The large DDoS attacks that hit the WordPress.com blog publishing platform last week originated from China, according to the founder of the site.
A DDoS attack involves harnessing hundreds or thousands of computers to simultaneously hit a web site with data, so that it becomes overloaded. The computers in such attacks have typically been infected with malware, and can be used without the consent or knowledge of their owners.
The attacks, which brought slowdowns to the WordPress.com site, were severe enough to impede the company's three data centres in Chicago, San Antonio and Dallas. As of Mondday, the site has returned to normal.
WordPress said last week the attacks could have been politically motivated and aimed at an unnamed Chinese-language blog, but it no longer has that view.

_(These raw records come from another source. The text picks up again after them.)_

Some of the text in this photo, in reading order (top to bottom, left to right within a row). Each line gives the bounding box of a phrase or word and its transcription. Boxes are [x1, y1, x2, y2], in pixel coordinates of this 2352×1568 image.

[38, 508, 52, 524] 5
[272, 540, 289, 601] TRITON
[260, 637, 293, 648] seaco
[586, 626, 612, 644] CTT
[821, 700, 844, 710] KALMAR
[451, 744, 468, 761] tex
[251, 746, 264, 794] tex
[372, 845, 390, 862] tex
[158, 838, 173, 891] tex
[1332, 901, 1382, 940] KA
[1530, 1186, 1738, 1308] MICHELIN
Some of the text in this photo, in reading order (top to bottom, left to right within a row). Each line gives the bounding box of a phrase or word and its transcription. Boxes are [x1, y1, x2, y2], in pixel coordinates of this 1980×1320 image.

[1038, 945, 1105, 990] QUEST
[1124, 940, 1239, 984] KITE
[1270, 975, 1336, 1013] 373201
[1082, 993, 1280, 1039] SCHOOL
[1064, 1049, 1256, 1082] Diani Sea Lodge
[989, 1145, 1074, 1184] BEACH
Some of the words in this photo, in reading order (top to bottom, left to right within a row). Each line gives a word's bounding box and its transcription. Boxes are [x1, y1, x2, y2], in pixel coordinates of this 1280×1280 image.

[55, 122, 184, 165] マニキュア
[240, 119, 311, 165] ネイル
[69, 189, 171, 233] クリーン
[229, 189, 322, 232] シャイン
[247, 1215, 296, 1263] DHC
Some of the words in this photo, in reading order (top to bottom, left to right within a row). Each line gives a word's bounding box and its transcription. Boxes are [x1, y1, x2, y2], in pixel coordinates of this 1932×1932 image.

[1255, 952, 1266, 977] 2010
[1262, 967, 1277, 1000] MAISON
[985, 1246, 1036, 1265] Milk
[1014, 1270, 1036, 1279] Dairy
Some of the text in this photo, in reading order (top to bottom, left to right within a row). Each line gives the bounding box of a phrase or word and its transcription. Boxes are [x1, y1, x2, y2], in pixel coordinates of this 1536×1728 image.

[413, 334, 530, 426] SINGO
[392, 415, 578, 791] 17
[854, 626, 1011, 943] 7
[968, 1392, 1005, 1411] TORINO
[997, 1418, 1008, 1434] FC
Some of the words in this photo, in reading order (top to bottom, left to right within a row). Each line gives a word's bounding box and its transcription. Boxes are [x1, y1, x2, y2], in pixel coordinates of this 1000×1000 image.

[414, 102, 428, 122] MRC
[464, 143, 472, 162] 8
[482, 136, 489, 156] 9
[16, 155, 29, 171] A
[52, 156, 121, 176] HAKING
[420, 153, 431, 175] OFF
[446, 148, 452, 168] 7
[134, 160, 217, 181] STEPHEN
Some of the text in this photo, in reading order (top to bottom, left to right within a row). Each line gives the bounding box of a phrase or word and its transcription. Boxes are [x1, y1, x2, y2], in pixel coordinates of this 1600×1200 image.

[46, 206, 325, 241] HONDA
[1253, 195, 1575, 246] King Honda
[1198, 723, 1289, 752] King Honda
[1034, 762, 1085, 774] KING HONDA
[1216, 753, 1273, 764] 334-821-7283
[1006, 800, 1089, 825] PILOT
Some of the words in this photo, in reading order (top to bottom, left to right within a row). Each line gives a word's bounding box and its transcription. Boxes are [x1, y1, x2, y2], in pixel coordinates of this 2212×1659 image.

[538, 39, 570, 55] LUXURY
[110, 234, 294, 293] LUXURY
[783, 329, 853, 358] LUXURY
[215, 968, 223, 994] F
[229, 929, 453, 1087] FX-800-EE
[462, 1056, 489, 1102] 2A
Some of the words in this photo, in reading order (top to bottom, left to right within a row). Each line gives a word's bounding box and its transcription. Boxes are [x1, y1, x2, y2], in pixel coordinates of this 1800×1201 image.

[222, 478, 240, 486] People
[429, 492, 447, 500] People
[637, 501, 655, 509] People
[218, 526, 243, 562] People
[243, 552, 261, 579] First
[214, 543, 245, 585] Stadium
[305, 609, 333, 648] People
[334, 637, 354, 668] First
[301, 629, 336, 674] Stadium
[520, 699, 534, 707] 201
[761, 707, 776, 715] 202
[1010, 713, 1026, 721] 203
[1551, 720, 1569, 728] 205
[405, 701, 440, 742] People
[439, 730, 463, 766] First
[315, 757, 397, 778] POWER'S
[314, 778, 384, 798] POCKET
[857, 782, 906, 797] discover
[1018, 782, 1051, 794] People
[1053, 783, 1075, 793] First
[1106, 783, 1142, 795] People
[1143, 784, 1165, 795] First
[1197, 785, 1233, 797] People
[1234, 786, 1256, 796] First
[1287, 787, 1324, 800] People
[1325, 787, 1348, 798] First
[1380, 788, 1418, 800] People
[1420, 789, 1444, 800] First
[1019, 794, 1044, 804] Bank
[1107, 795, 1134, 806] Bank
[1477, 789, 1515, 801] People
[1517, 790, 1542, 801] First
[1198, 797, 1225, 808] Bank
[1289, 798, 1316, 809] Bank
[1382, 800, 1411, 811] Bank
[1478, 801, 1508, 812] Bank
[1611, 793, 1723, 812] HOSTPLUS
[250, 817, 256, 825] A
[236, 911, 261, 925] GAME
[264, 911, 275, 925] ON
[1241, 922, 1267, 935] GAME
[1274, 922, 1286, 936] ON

"Don't think it's politically motivated anymore," WordPress Founder Matt Mullenweg stated. "However the attacks did originate in China." Mullenweg did not expand on the change in view, or offer details on the source of the attacks.
The attacks directed "multiple Gigabits per second and tens of millions of packets per second" and were the "largest and most sustained" in its six-year history, Mullenweg previously said.
China has frequently been named as the country of origin for several major cyberattacks. Chinese hackers have been accused of launching cyber attacks to steal gigabytes of data from foreign energy companies, according to security vendor McAfee. In 2009, Google was also the victim of an attack that it claimed originated from China.
Very often the true source of a DDoS attack is unclear. While computers launching the attacks might be situated in one country, they could be under control of hackers in another country. Users at high risk of malware infections that can be used for DDoS attacks are those that don't run antivirus software, don't keep their operating system updated or are running pirated operating systems that can't be updated.
The Chinese government has responded to these reports, saying it denies being involved in any cyber attacks. "The allegation that China supports hacking is groundless," a China foreign ministry spokesman said last month.